2) Gun Show Bob makes a somewhat sloppy effort to do a background check on all his customers, and he occasionally lets one slip through the cracks altogether. Two of the undocumented guns he sold this year were used to commit felonies — not by the people Bob sold the guns to, but by other people down the line.
Too bad for Bob. Using ballistics tests, the guns are traced back to him as being the one who bought them from the manufacturer, and since Bob didn't have a valid registry entry for either gun sale, he gets his business licence yanked and a hefty fine. If it's a second offense, he does guaranteed jail time.
Think this'll be a deterrent for dealers like Bob? Hellz yah!
Bob's not a thug himself. He's a law-abiding citizen who's got a family to feed. He doesn't want to mess that up, so he'll comply with the law, even if he doesn't like it.

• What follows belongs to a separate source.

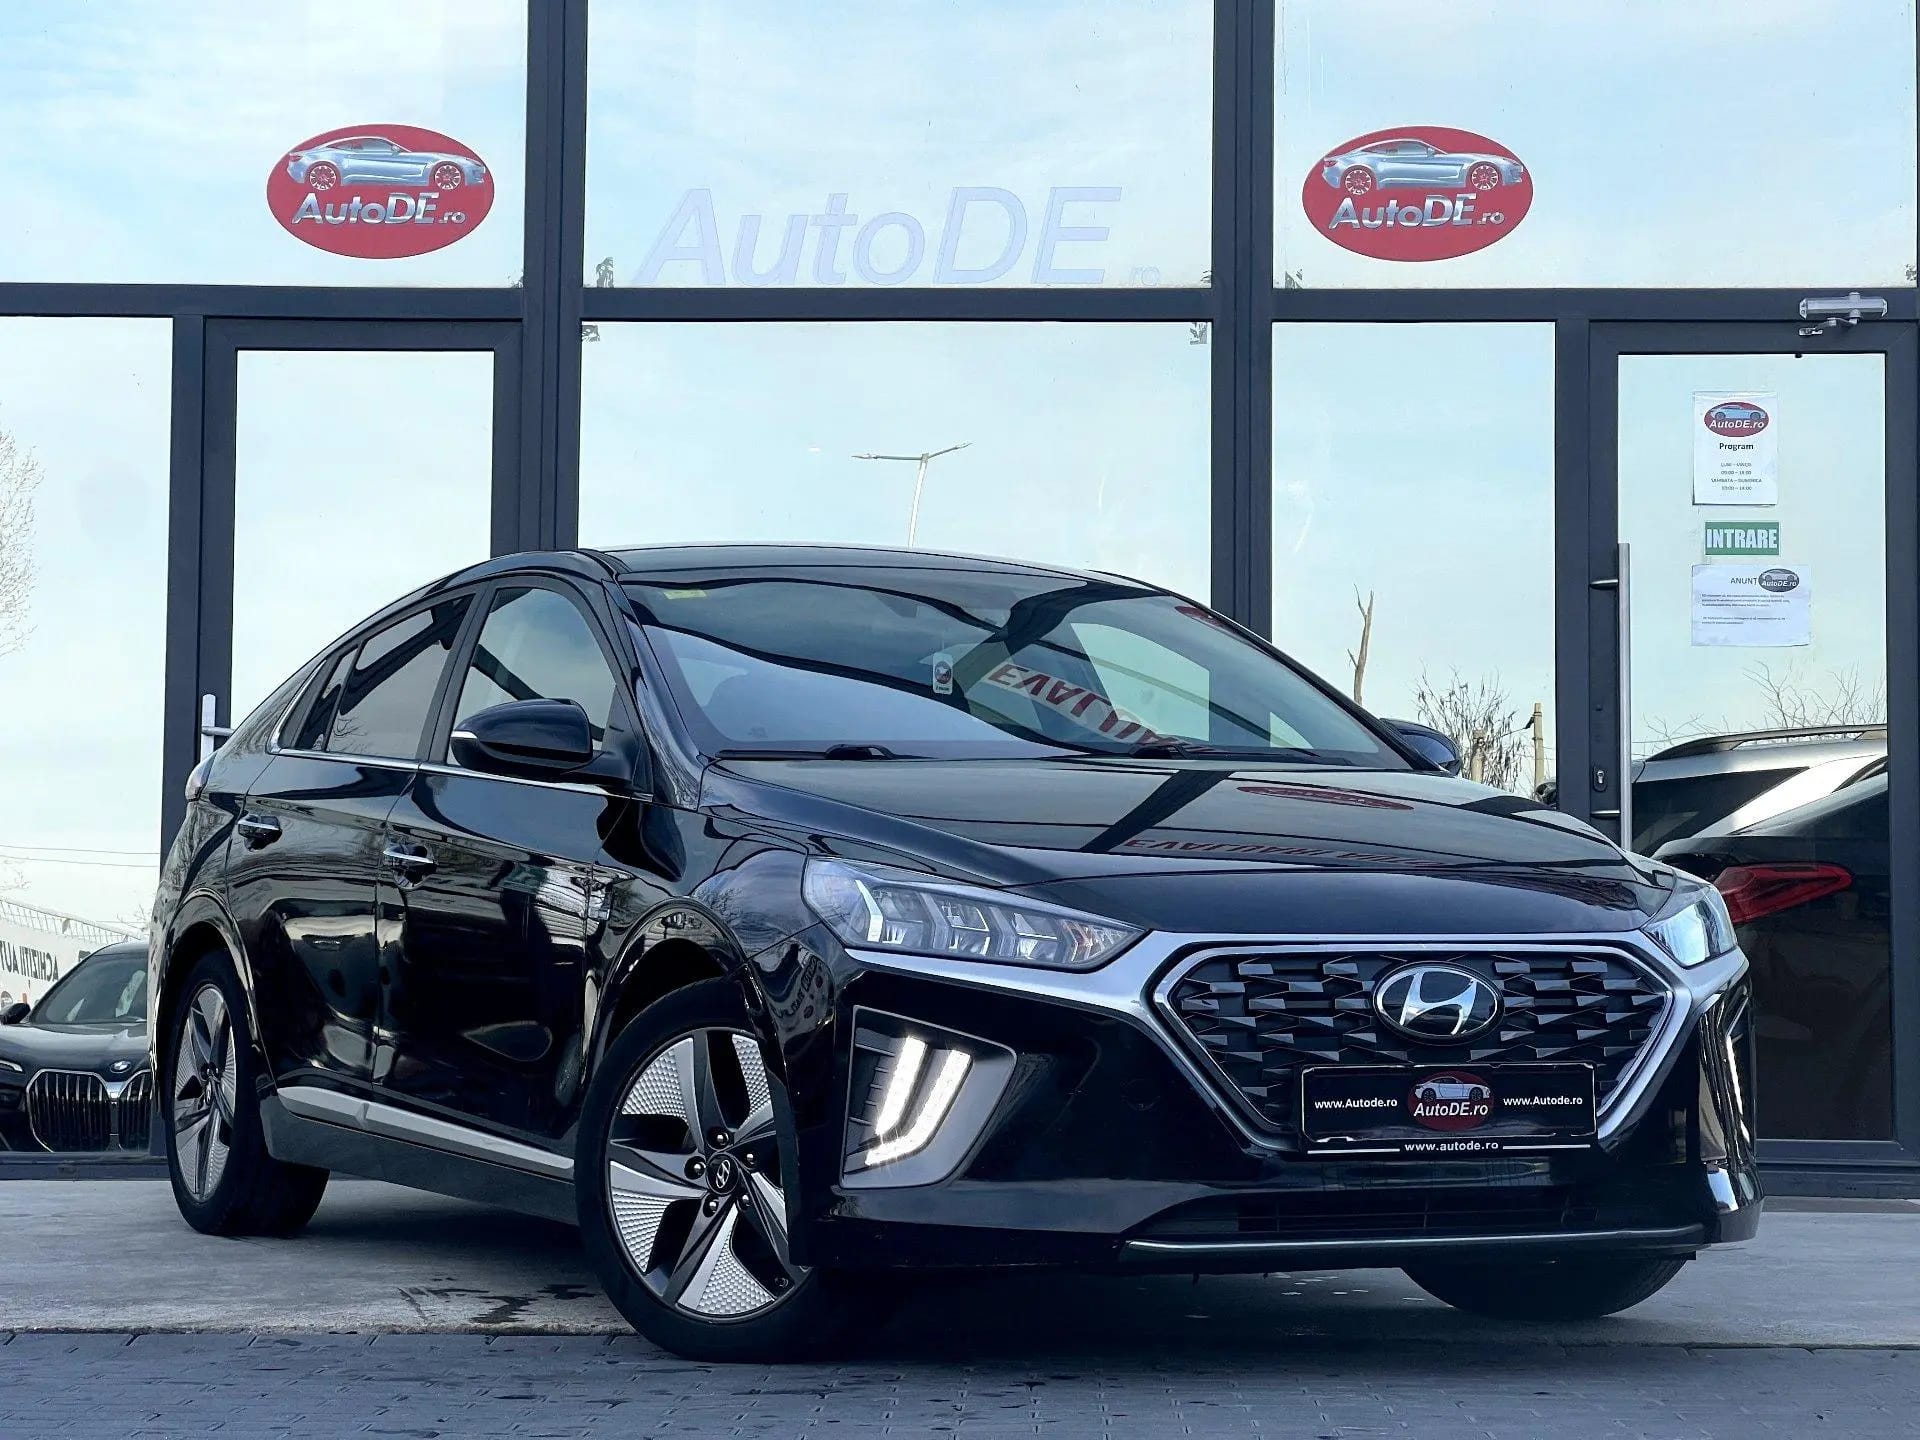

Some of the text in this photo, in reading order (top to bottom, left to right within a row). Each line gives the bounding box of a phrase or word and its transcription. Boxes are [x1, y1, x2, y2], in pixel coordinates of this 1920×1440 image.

3) Like Mr. K, Mr. L has a big gun collection. Unlike Mr. K, though, Mr. L doesn't lock his guns up. Every year, one or two of his guns get "stolen." Some of them might end up being used in crimes, but shucks, that's not Mr. L's fault, is it?
Before the gun registry law, there was no way to trace the stolen guns back to Mr. L, so it was impossible for police to even investigate whether these guns were actually being stolen, or whether Mr. L was acting as a fence for criminals. However, AFTER the gun registry is in place, the "stolen" guns can easily be traced back to Mr. L.
Does this mean that police can now easily prove that Mr. L is lying when he says the guns were stolen? No. However, it DOES mean that authorities will now be able to keep an eye on Mr. L, and he'll know that.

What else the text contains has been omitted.